■ **DATASET**:
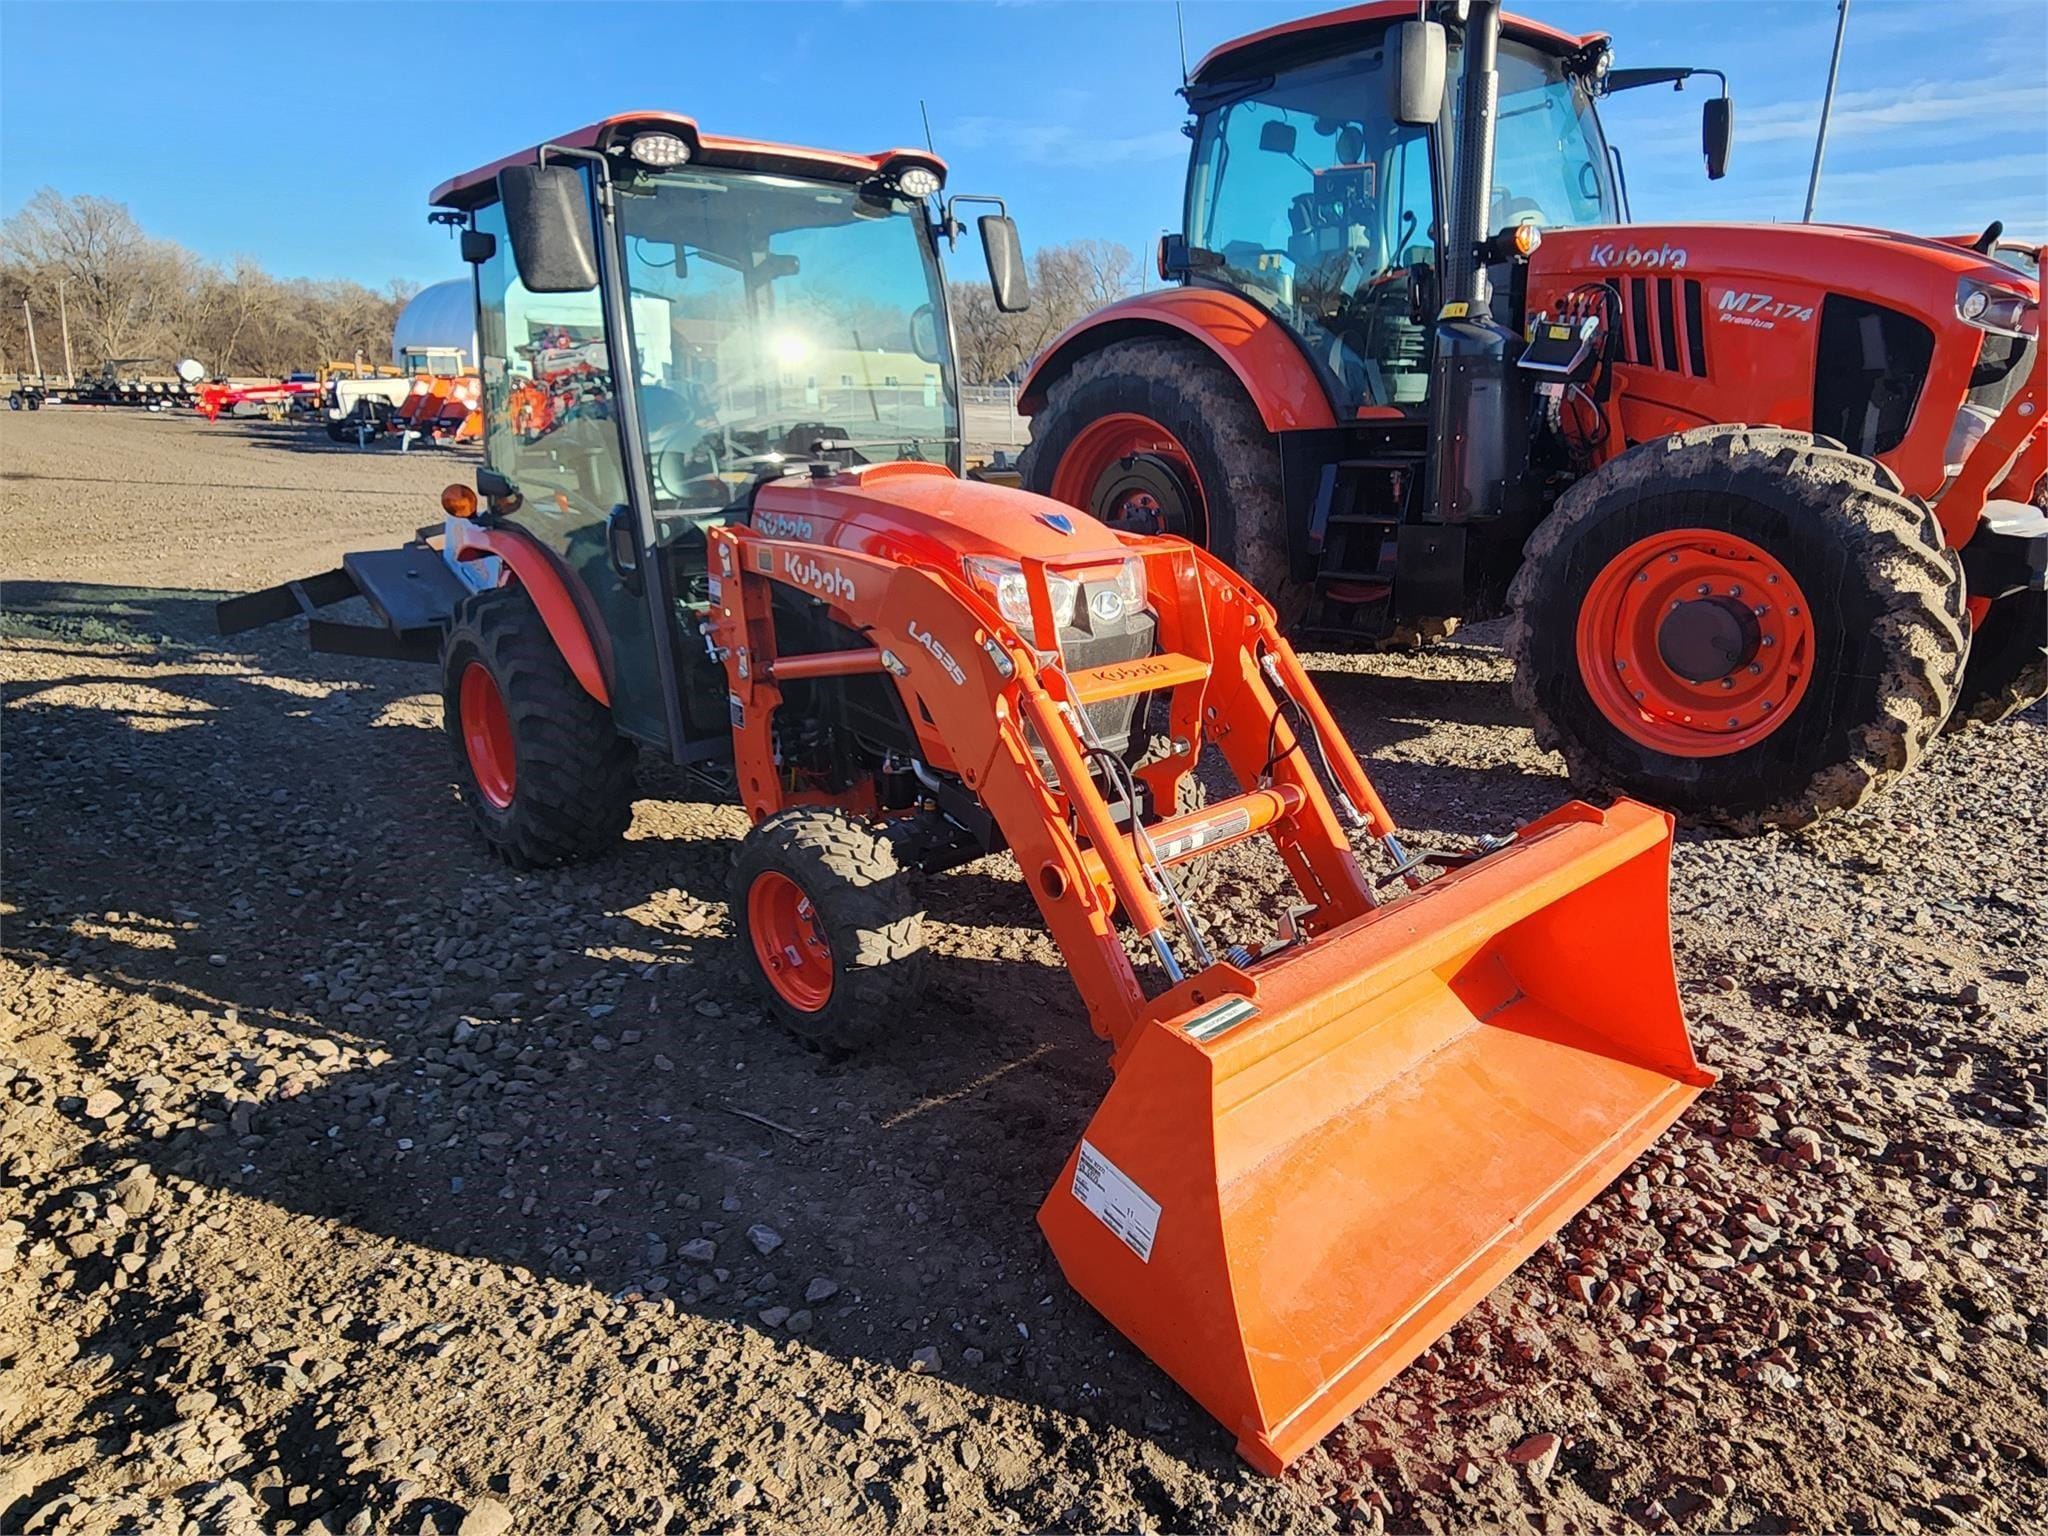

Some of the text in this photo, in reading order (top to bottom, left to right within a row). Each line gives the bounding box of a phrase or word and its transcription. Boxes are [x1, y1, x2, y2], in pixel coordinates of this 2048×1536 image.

[1590, 242, 1688, 270] Kubota
[1718, 289, 1814, 322] M7-174
[1719, 313, 1775, 330] Premium
[757, 512, 813, 540] Kubota
[784, 551, 856, 601] Kubota
[907, 619, 967, 686] LA535
[1092, 662, 1170, 681] Kubota
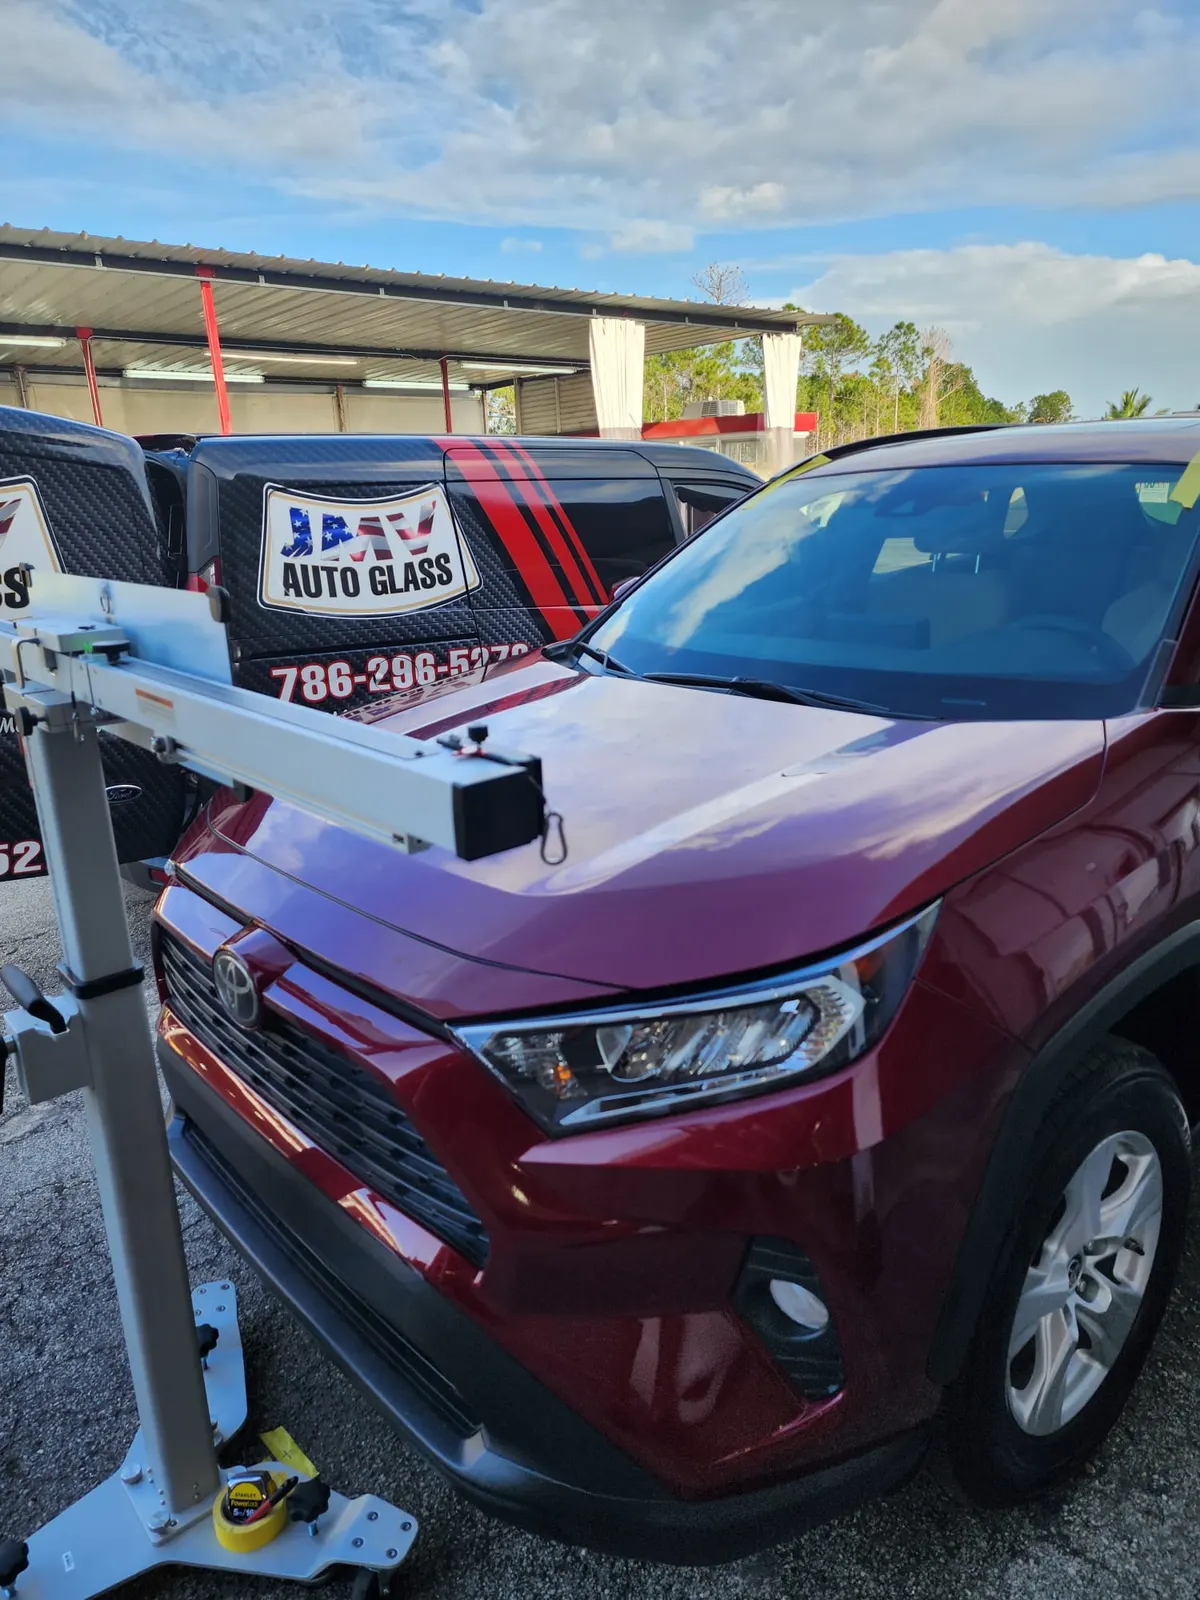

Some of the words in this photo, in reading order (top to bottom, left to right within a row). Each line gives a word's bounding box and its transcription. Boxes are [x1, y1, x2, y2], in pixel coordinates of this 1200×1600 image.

[280, 500, 437, 562] JMV
[283, 562, 361, 598] AUTO
[368, 552, 453, 596] GLASS

■ **WHAT IS REQUIRED**:
Print every entry above verbatim but drop the images.

■ **SOLUTION BELOW**:
Some of the text in this photo, in reading order (top to bottom, left to right within a row). Each line gives the bounding box of a phrase or word and its transcription. Boxes are [x1, y1, x2, y2], in pixel coordinates of this 2048×1536 image.

[1590, 242, 1688, 270] Kubota
[1718, 289, 1814, 322] M7-174
[1719, 313, 1775, 330] Premium
[757, 512, 813, 540] Kubota
[784, 551, 856, 601] Kubota
[907, 619, 967, 686] LA535
[1092, 662, 1170, 681] Kubota

Some of the words in this photo, in reading order (top to bottom, left to right within a row). Each line gives a word's bounding box and its transcription. Boxes are [x1, y1, x2, y2], in pixel coordinates of this 1200×1600 image.

[280, 500, 437, 562] JMV
[283, 562, 361, 598] AUTO
[368, 552, 453, 596] GLASS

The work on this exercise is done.